Here are some essential aftercare tips to help keep tattoos looking vibrant and staying infection-free—both immediately and short-term.
Immediate tips for tattoo aftercare
Listen to your tattoo artist
The first and most important step in tattoo aftercare is to follow the instructions provided by your tattoo artist.
They are experts in the field and will give you specific guidance on how to care for your new tattoo. This often includes information about cleaning, moisturizing, and avoiding activities that could damage your tattoo during the healing process.
Some artists will provide you with a wrap when you leave the studio, with specific instructions for when to remove and how. Be sure to ask questions if you aren’t sure.
Wash with soap
The main gist of tattoo aftercare is keeping it clean while the skin is healing.
Proper hygiene is crucial to prevent infection. Gently wash your tattoo with mild, fragrance-free soap (I use Dial’s antibacterial soap bars!) and lukewarm water, using your clean hands to do so.
When you’re ready to dry, use a fresh paper towel and pat gently, then let it air dry. Avoid washcloths that harbor bacteria, and also try not to rub the tattoo, since that can irritate and elongate the healing process.
Wash your tattoo with soap twice a day for the first week after your appointment.
Apply an antibacterial ointment
After washing, apply a thin layer of an antibiotic ointment (I use Aquaphor).
The ointment both helps to prevent infection and keeps the tattoo moisturized during the initial healing stages.
If you’re washing twice a day, be sure to apply the ointment twice as well. However, be sure to refer to your tattoo artist for more specific directions on frequency.
Avoid the elements
Here’s two biggies:
- Avoid sun exposure
- Don’t submerge your tattoo in water
UV rays from the sun can fade your tattoo and increase the risk of skin damage. Keep your new tattoo covered, and when you’re ready to go out after at least a week, apply a high-SPF sunscreen to protect it from direct sunlight.
You can take quick showers, but initially avoid baths and all submerging until the tattoo is fully healed.
Similarly, stay away from swimming in pools, hot tubs, or natural bodies of water until the tattoo is fully healed. Otherwise, these environments can expose your skin to harmful bacteria.

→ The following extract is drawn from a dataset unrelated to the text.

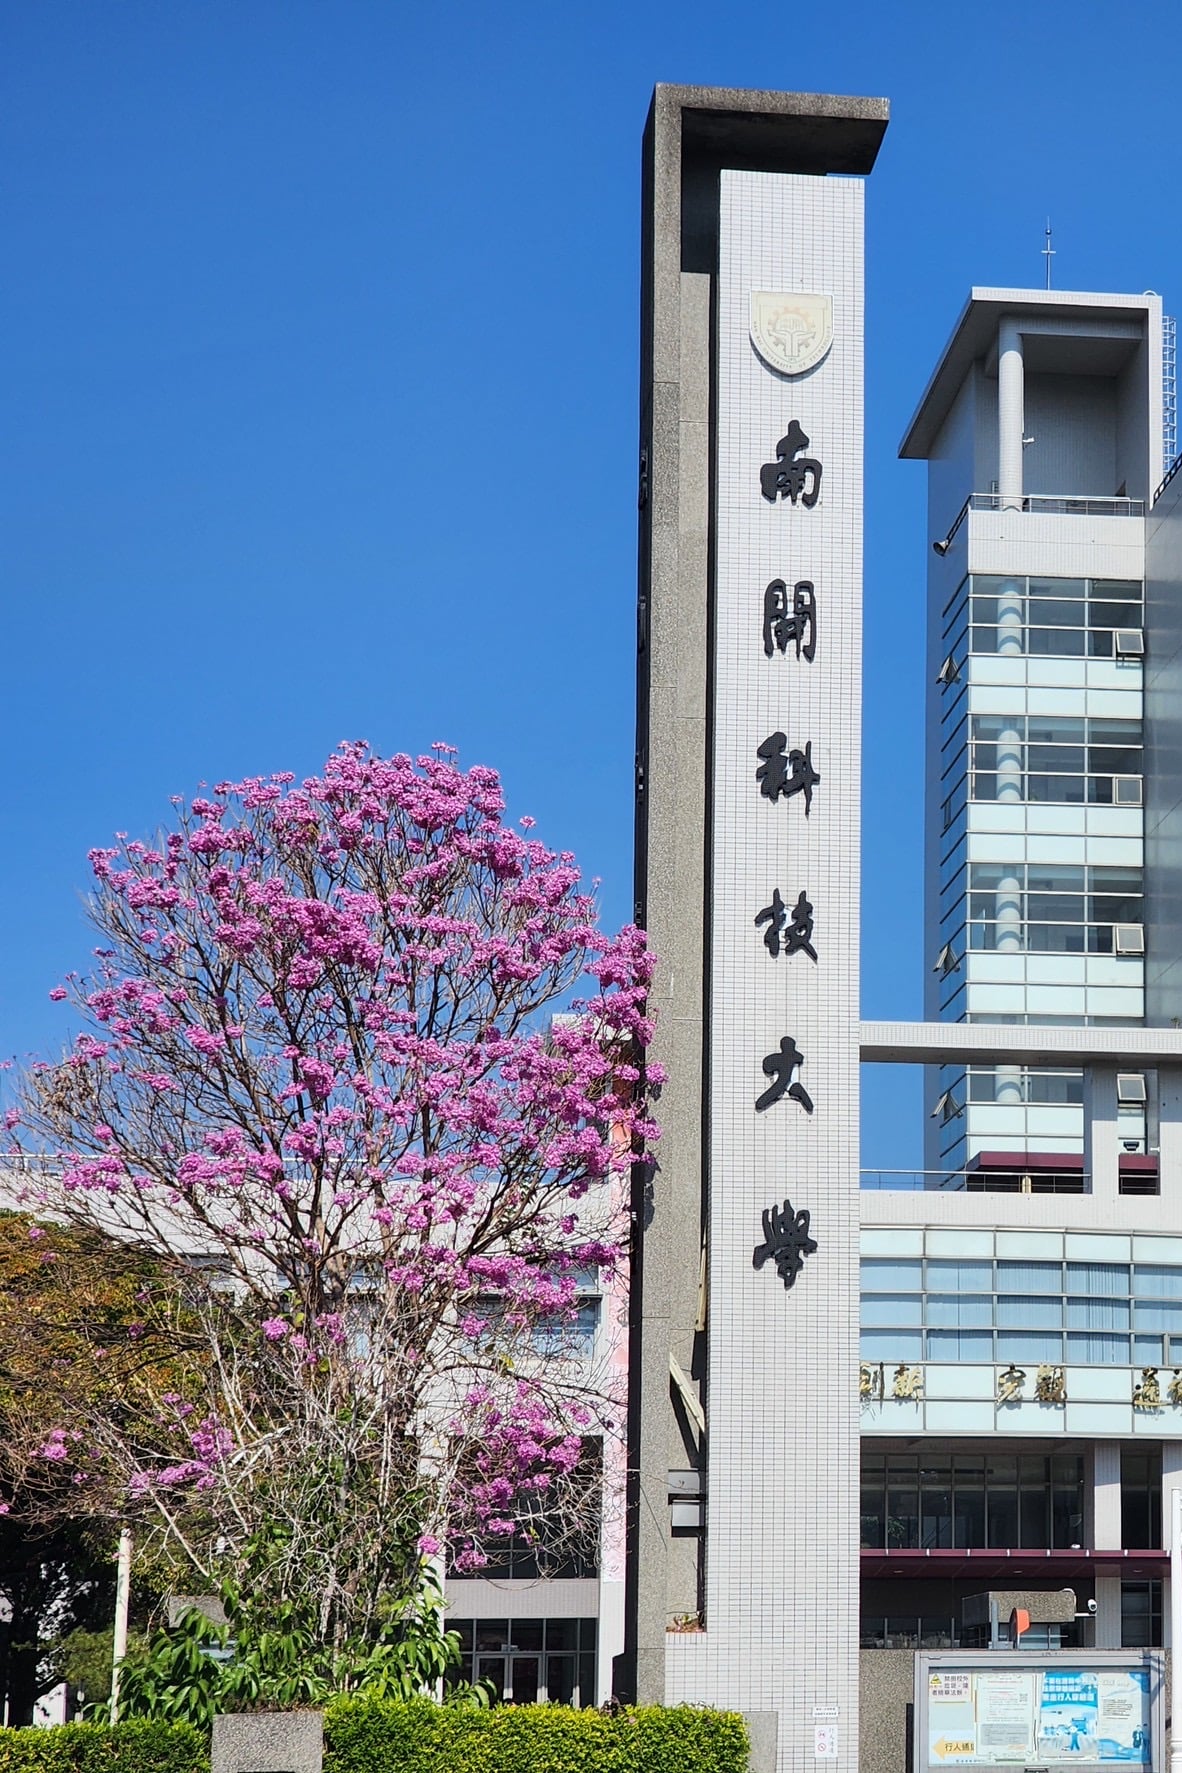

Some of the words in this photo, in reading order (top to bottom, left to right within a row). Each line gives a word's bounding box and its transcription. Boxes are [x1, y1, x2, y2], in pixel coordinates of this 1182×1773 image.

[752, 419, 823, 1290] 南開科技大學

Short-term tips for tattoo aftercare
After the first week, start using a lotion to moisturize. Any time the skin starts to feel dry, a layer of lotion can go a long way. Even beyond the immediate aftercare stages, your tattoo will benefit from regular moisturizing.

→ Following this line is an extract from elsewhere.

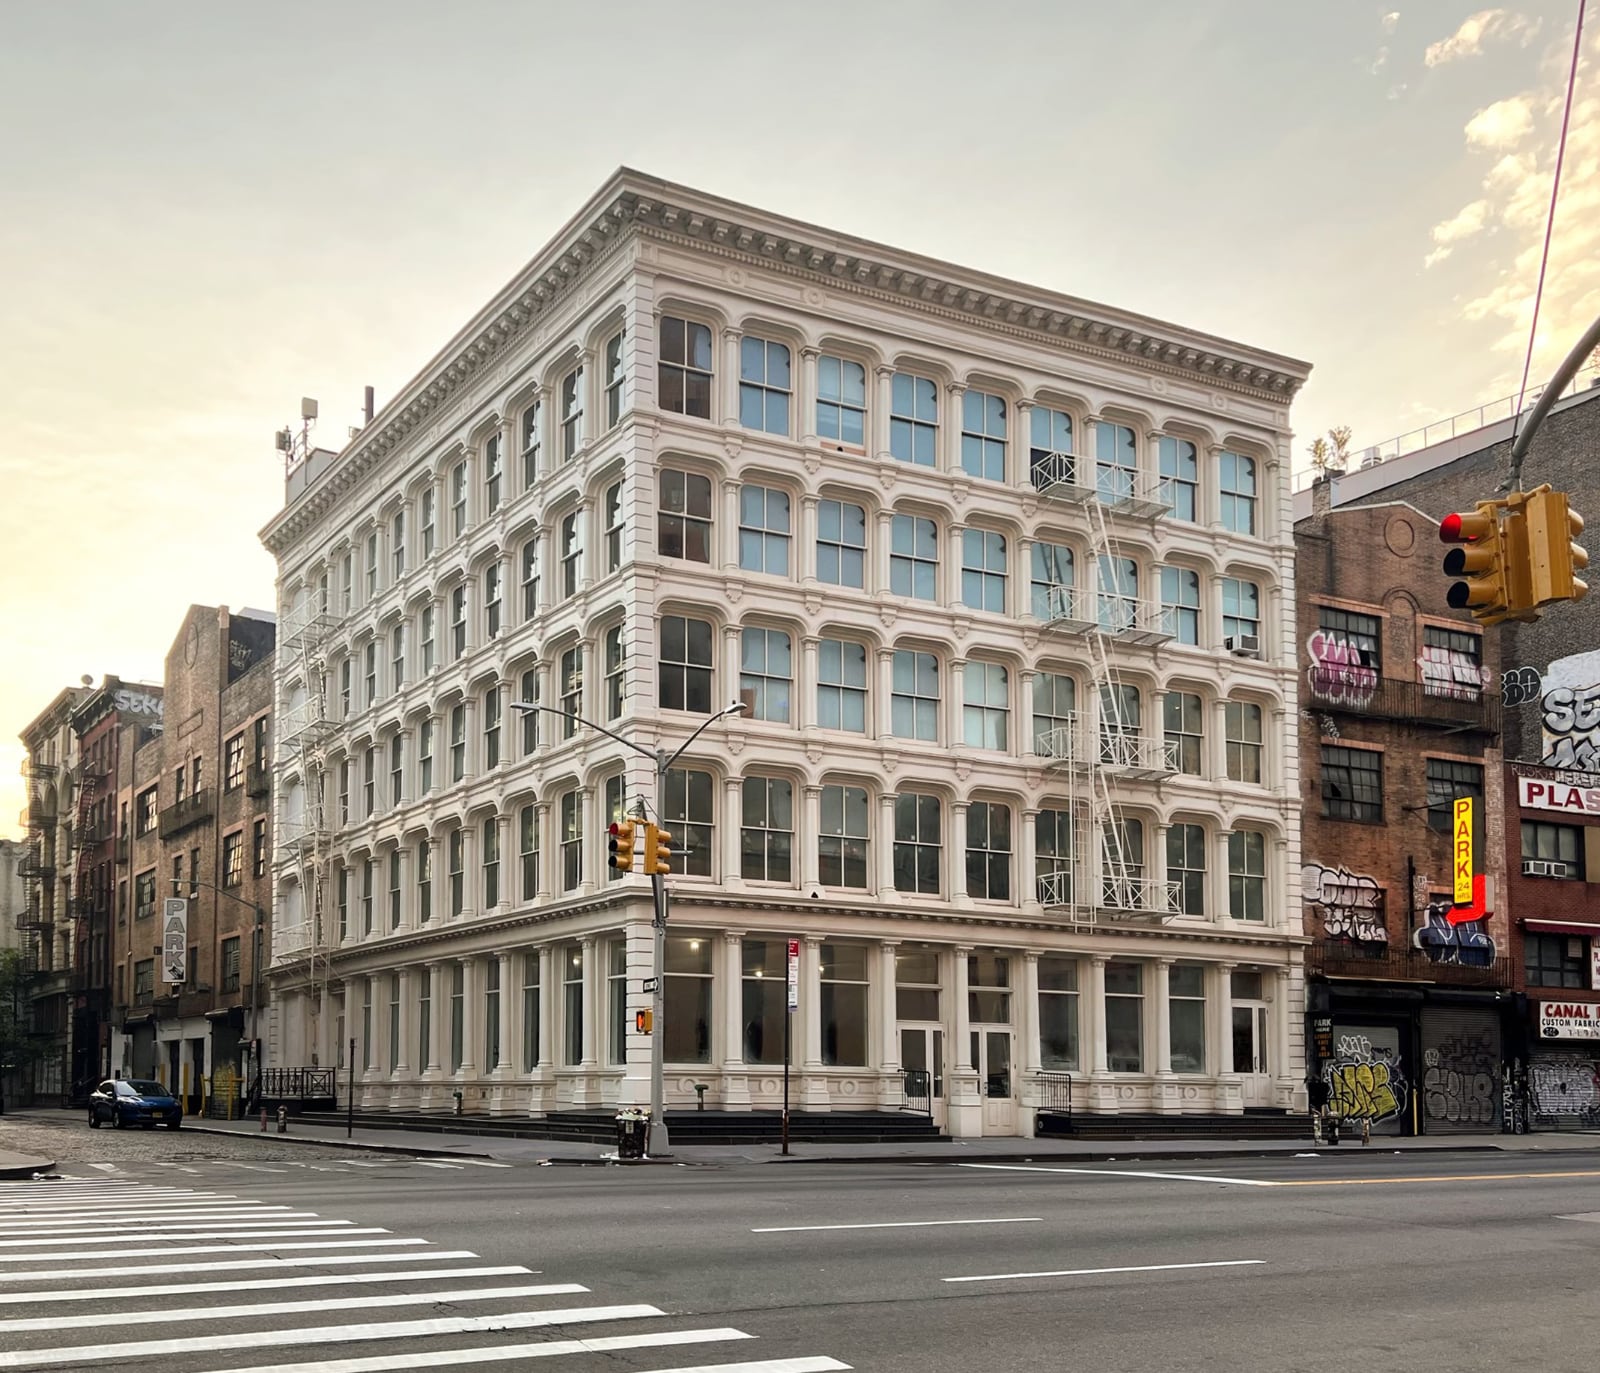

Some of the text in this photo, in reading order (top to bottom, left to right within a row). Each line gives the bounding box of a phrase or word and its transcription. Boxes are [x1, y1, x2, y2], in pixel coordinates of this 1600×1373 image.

It’s best to use a fragrance-free, hypoallergenic, non-comedogenic lotion; I use Lubriderm.
It’s also suggested to avoid petroleum-based products, since they can clog pores and hinder the healing process.
The chances are pretty high that you’ll experience some itchiness as your tattoo begins to heal and the skin scabs. While normal, it’s really important not to pick or scratch it!
Scratching can damage the skin and lead to infection or scarring. Instead, gently tap or slap the itchy area for some relief (without the risk of damage).
Wear loose clothing
If you can, stay away from tight, abrasive, and irritating clothes over your new tattoo. Loose clothing with breathable fabrics can prevent unnecessary friction.
All skincare tips usually include drinking water, because hydration promoted healthy skin and faster healing. The same applies for tattoo aftercare! Drink your fluids.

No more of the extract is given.